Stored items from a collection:
++++++++++++++++++++

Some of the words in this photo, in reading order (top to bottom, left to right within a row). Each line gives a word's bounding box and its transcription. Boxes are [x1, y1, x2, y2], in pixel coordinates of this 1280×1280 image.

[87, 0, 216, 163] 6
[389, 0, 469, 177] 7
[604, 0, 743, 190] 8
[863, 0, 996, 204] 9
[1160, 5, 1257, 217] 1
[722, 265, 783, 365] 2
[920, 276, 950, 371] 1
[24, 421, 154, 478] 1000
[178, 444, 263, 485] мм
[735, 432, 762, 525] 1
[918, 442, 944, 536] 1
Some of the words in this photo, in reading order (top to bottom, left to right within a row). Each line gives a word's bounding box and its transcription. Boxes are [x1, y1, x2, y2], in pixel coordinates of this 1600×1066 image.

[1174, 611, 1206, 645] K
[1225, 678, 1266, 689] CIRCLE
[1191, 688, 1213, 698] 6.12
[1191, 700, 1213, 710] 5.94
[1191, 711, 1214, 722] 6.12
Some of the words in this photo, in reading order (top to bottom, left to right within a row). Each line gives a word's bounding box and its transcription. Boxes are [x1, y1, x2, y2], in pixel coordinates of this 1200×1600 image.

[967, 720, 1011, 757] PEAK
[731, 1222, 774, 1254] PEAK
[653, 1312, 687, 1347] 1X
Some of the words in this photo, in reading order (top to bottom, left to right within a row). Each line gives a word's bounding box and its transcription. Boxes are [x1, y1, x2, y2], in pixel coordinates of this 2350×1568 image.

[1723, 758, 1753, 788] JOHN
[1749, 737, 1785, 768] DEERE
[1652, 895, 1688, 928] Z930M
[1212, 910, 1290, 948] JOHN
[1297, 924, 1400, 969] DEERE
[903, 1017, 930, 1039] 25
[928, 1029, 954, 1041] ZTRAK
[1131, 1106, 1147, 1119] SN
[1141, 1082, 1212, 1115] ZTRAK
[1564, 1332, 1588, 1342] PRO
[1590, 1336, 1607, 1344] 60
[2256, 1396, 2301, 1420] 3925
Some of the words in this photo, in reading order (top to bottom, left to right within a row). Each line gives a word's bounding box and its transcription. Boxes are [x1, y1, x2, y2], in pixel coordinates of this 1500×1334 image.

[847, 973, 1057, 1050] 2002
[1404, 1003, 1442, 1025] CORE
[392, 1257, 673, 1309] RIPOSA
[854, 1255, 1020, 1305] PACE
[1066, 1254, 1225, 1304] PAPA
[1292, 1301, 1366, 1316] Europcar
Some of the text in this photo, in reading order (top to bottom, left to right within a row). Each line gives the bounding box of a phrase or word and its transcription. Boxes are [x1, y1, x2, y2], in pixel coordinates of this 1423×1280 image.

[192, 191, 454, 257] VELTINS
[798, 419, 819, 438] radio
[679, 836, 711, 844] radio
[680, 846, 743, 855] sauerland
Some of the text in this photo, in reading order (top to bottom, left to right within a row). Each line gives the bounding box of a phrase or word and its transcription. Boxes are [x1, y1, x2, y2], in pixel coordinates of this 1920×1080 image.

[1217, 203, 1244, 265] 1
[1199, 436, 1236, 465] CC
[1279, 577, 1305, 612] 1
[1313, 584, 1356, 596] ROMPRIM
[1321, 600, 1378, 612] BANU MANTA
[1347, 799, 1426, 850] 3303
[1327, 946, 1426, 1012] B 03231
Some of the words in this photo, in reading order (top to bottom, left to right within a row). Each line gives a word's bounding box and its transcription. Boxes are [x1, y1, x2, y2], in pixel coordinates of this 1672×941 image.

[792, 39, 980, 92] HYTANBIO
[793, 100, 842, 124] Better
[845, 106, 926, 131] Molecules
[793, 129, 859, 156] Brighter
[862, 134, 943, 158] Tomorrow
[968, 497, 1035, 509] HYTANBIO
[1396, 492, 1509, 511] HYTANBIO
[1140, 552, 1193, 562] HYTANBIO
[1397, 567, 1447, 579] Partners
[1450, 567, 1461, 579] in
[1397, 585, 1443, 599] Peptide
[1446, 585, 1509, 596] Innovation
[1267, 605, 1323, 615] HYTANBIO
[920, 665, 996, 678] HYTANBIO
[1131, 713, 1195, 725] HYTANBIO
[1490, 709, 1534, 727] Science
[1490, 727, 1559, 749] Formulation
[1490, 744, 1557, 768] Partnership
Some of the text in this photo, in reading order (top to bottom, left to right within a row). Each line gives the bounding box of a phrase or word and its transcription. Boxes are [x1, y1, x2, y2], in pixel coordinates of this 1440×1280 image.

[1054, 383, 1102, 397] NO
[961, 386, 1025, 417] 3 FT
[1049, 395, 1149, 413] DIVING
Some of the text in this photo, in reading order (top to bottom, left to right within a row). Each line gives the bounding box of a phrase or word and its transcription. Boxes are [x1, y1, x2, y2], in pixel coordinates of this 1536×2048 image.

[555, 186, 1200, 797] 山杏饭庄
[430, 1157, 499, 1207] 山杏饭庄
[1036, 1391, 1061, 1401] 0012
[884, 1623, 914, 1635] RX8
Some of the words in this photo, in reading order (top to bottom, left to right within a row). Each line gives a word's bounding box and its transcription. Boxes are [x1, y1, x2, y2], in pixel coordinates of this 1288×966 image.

++++++++++++++++++++

• WHAT TO WORK ON
Your task is to write out, exactly, the line that holds "this 1440×1280 image." and every line after it until the records end.

• TASK ANSWER
Some of the text in this photo, in reading order (top to bottom, left to right within a row). Each line gives the bounding box of a phrase or word and its transcription. Boxes are [x1, y1, x2, y2], in pixel coordinates of this 1440×1280 image.

[1054, 383, 1102, 397] NO
[961, 386, 1025, 417] 3 FT
[1049, 395, 1149, 413] DIVING
Some of the text in this photo, in reading order (top to bottom, left to right within a row). Each line gives the bounding box of a phrase or word and its transcription. Boxes are [x1, y1, x2, y2], in pixel coordinates of this 1536×2048 image.

[555, 186, 1200, 797] 山杏饭庄
[430, 1157, 499, 1207] 山杏饭庄
[1036, 1391, 1061, 1401] 0012
[884, 1623, 914, 1635] RX8
Some of the words in this photo, in reading order (top to bottom, left to right within a row). Each line gives a word's bounding box and its transcription. Boxes are [x1, y1, x2, y2], in pixel coordinates of this 1288×966 image.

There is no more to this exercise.